WASHINGTON – American Airlines’ announcement that it could let go up to 19,000 workers on Oct. 1 has left the airline’s roughly 10,000 employees in Arizona worried, but hopeful the state can avoid the worst of the cuts.
The airline has not specified which regions of the country will see the cuts – which American executives said would not be needed if the federal government passes a new round of relief funding.
That has one local union “blasting out all over Facebook” to get members to press their representatives for a deal.
“I think some think that a second stimulus will come,” said Pat Rezler, assistant general chairman of the International Association of Machinists and Aerospace Workers, 141st District. “But some are hesitant on believing that.
“People are worried,” Rezler added.
It is unclear how many jobs, if any, American will cut at the airline’s hub in Phoenix Sky Harbor International Airport. An airline spokesperson said a regional breakdown of the job cuts is not yet available.
In a letter to employees last week, American Chairman and CEO Doug Parker and President Robert Isom announced plans to either furlough or permanently lay off 19,000 U.S. employees on Oct. 1 if Congress fails to pass a new round of stimulus to support the airline industry.
A company spokesman said 17,500 of those reductions would be furloughs, and 1,500 would “involuntary separations on the management side.”
When Congress passed the $2 trillion Coronavirus Aid, Relief and Economic Security Act earlier this year, it included $25 billion to help passenger airlines under the Payroll Support Program, a part of the CARES Act that is set to expire Sept. 30.
“When it (the CARES Act) was enacted in March, it was assumed that by Sept. 30, the virus would be under control and demand for air travel would have returned,” Parker and Isom said in the letter. “That is obviously not the case.”
A spokesman for the Allied Pilots Association used an aviation metaphor to explain the need for more aid.

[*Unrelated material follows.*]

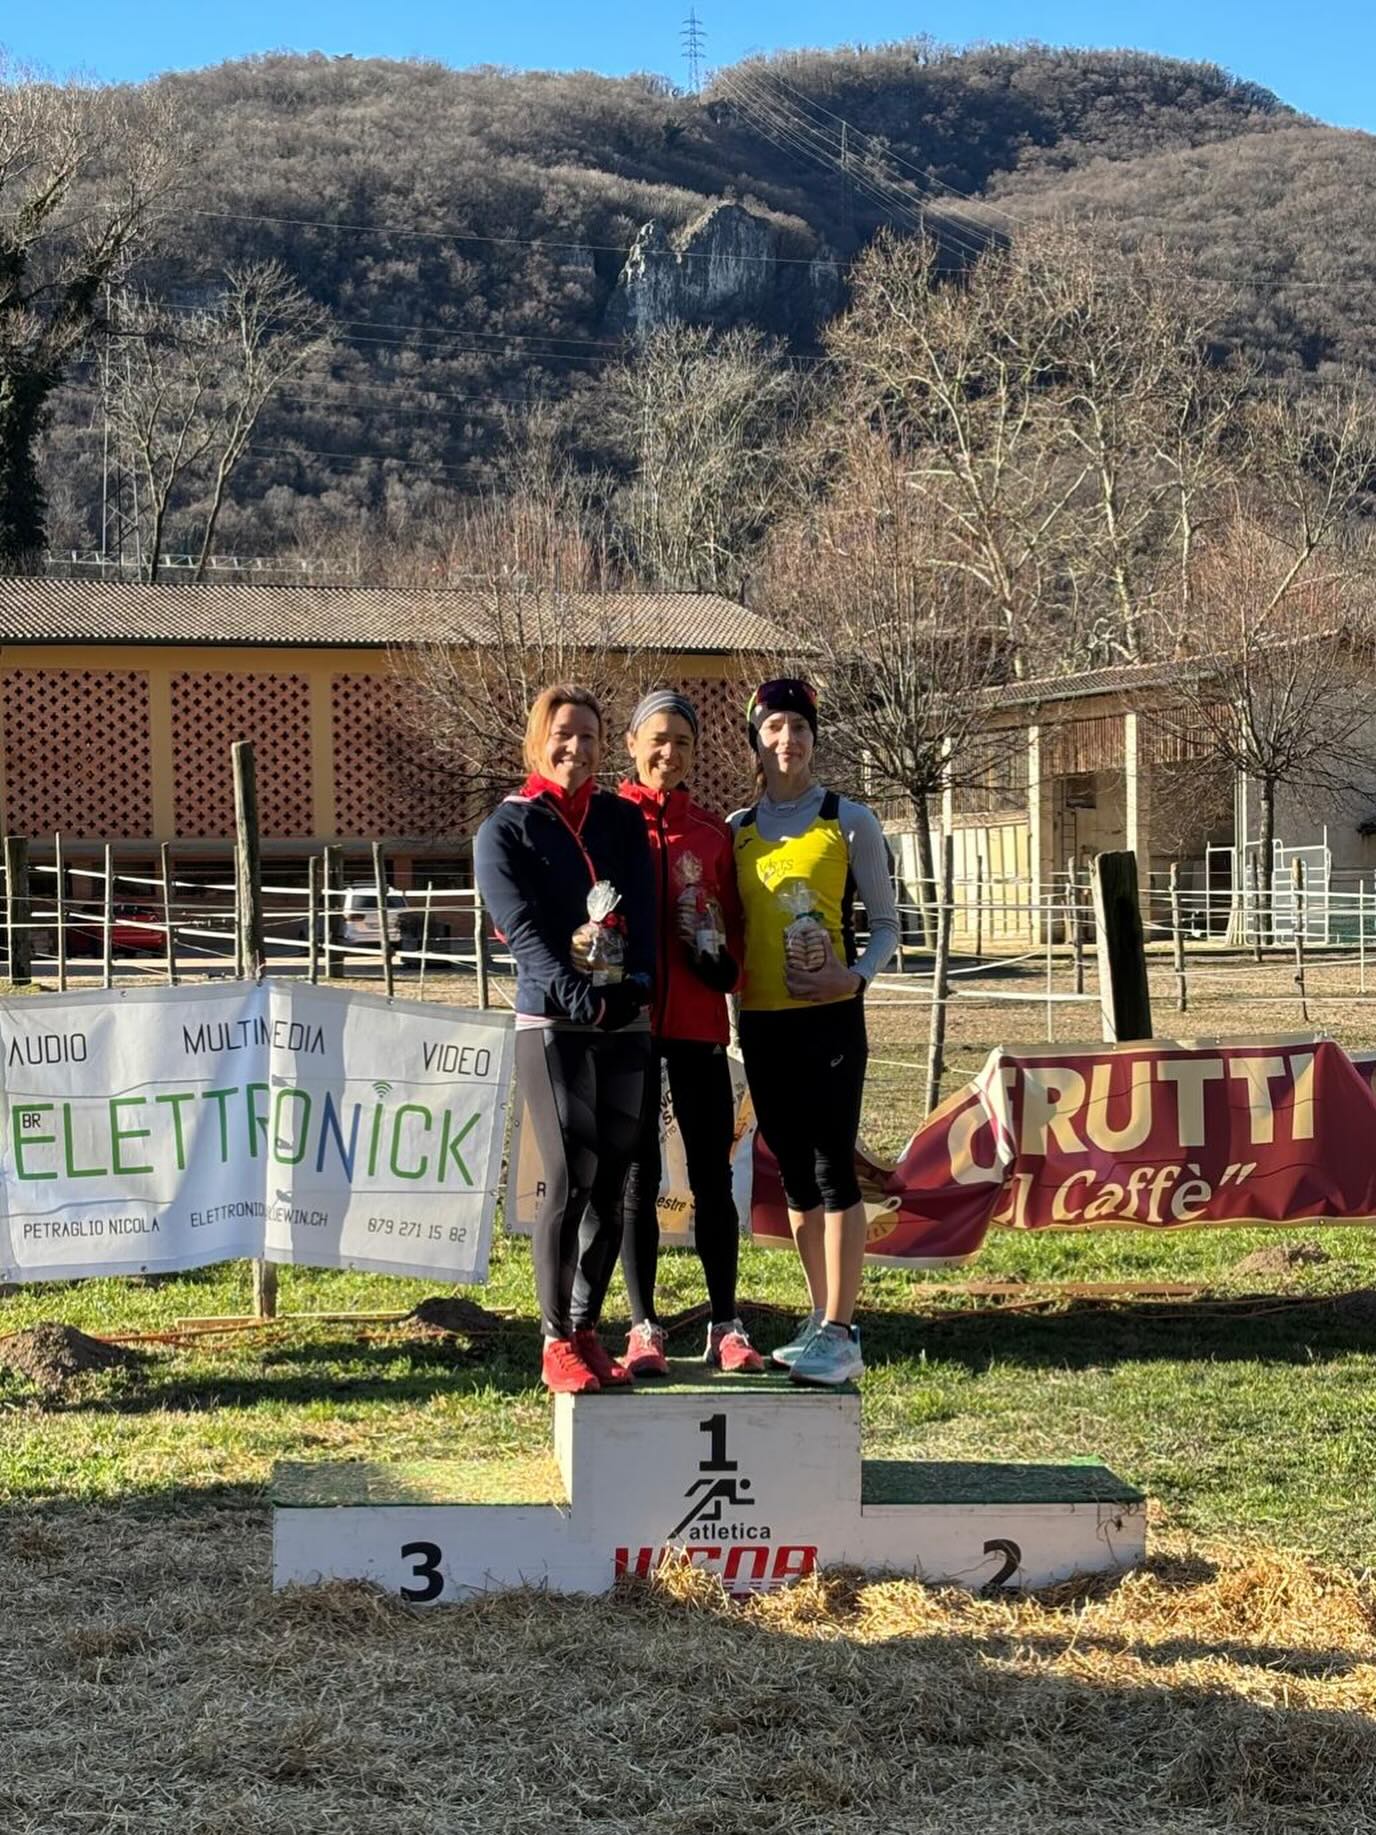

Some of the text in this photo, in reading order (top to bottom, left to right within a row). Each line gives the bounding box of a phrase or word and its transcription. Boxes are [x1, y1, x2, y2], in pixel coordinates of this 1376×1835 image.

Dennis Tajer said the initial stimulus “was like holding fuel,” that pilots use to stay aloft while waiting for a place to land.
“There was a storm over the field that popped up without notice, and instead of diverting to another field, we got six months of holding fuel,” Tajer said. “That holding fuel will be expiring.”
American has filed WARN Act notices in some other states where the airline has hubs, including Illinois, New York, California, and North Carolina. The Worker Adjustment and Retraining Notification Act requires that employers provide at least a 60-day notice when large-scale layoffs are pending.
No such notice appears in Arizona’s WARN Act database – but the last entry there is from July 21, and American would have had until July 31 to file notice with the state. When asked Monday if American had filed a notice, the Arizona Department of Economic Security said it would respond to a public records request for any documentation.
At the beginning of this year, American had more than 8,600 employees at its Phoenix hub and about 1,400 elsewhere in the state, an airline official said. That number is likely smaller now, as the announcement of involuntary cuts was preceded by more than 12,500 voluntary departures nationwide, the company’s letter said.
Rezler said about 130 of the estimated 1,075 fleet service workers his union represents in Phoenix opted for early retirement or other voluntary leave packages. He expressed some optimism that those voluntary departures would be enough to stave off further cuts among his members in Phoenix.
“If you have enough that took the early outs or the leaves, then your work group will possibly be saved,” he said.
Even if Phoenix is not targeted, however, Rezler worries some workers there might be displaced by workers with more seniority who are laid off elsewhere – a practice called “bumping in.”
“That is my main concern here as I think we escape the initial cuts,” Rezler said.
If Congress can reach a deal on extending the PSP, such concerns will be moot, at least for now. His union has been doing its part to make such a deal happen, he said.
“We’ve had members reach out to their representatives. We’ve been blasting out all over Facebook and telling people, ‘Hey, take the time to send it in,'” he said. Rezler said he is at least “somewhat optimistic” their efforts will bear fruit.
“The Democrats seem to be for it. The Republicans, I’ve heard some are for it,” he said.
Fred Yamashita, executive director of the Arizona AFL-CIO, was less hopeful, saying the Senate “has just refused to hear any of these (aid) bills coming out of the House.”
Tajer said he thinks Congress wants to get a deal done, but noted – again, using a flying metaphor – that that’s different than actually getting it done.
“So we’re very pleased to see that,” he said. “But now we need to do more than just talk about flying the airplane. We need to actually have it cleared for takeoff.”